> _Exercise_: Once the pictures are removed, restate the data below word for word.

> _Data in this exercise_:
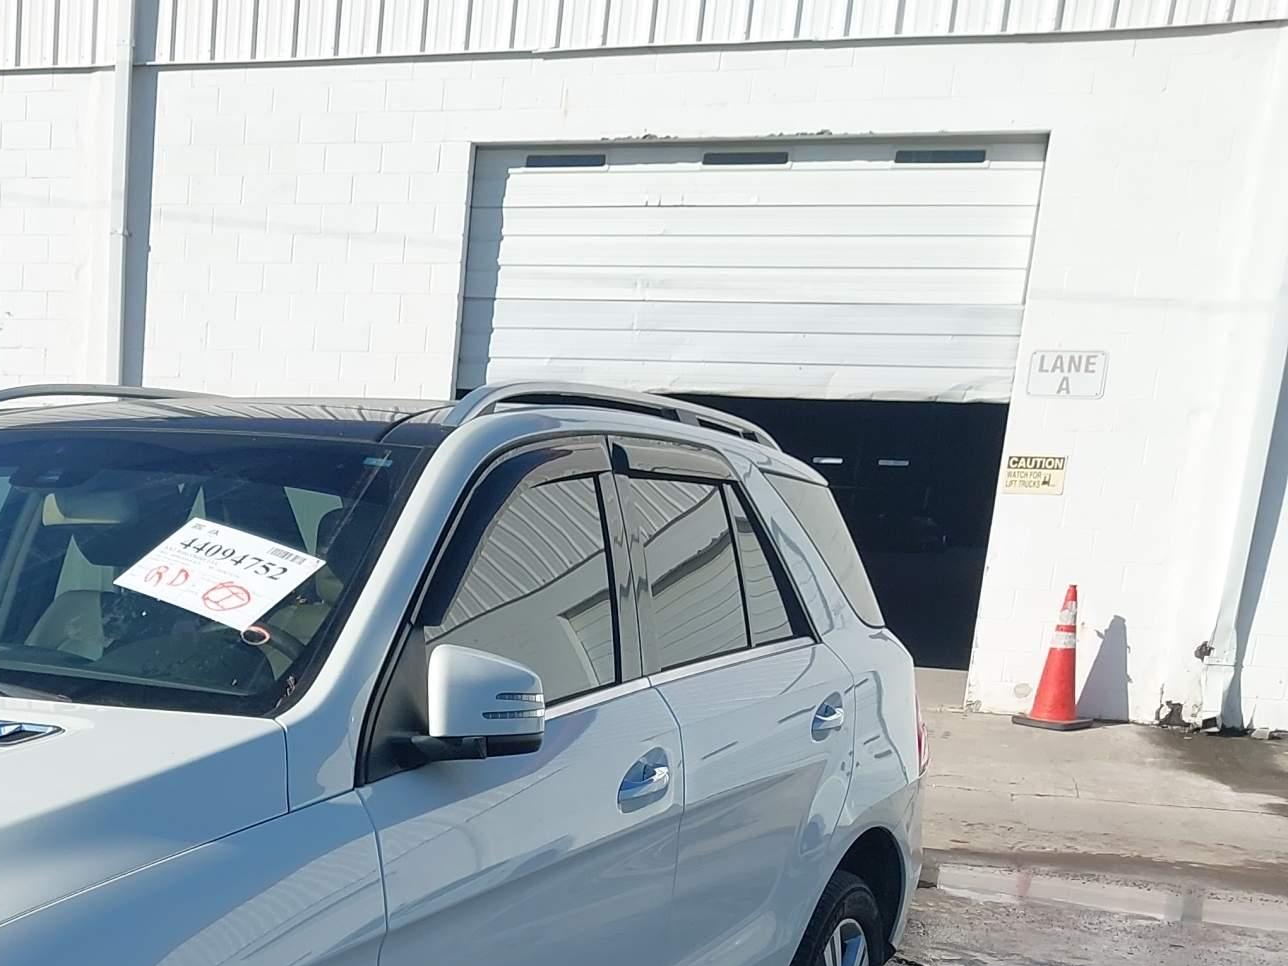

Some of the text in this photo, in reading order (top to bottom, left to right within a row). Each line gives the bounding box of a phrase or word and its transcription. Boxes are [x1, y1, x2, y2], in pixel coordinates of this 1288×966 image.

[1038, 354, 1099, 373] LANE
[1056, 376, 1070, 394] A
[1009, 457, 1064, 469] CAUTION
[1007, 471, 1042, 479] WATCH FOR
[1005, 480, 1041, 488] LIFT TRUCKS
[180, 537, 289, 581] 44094752

> _Worked solution_:
Some of the text in this photo, in reading order (top to bottom, left to right within a row). Each line gives the bounding box of a phrase or word and its transcription. Boxes are [x1, y1, x2, y2], in pixel coordinates of this 1288×966 image.

[1038, 354, 1099, 373] LANE
[1056, 376, 1070, 394] A
[1009, 457, 1064, 469] CAUTION
[1007, 471, 1042, 479] WATCH FOR
[1005, 480, 1041, 488] LIFT TRUCKS
[180, 537, 289, 581] 44094752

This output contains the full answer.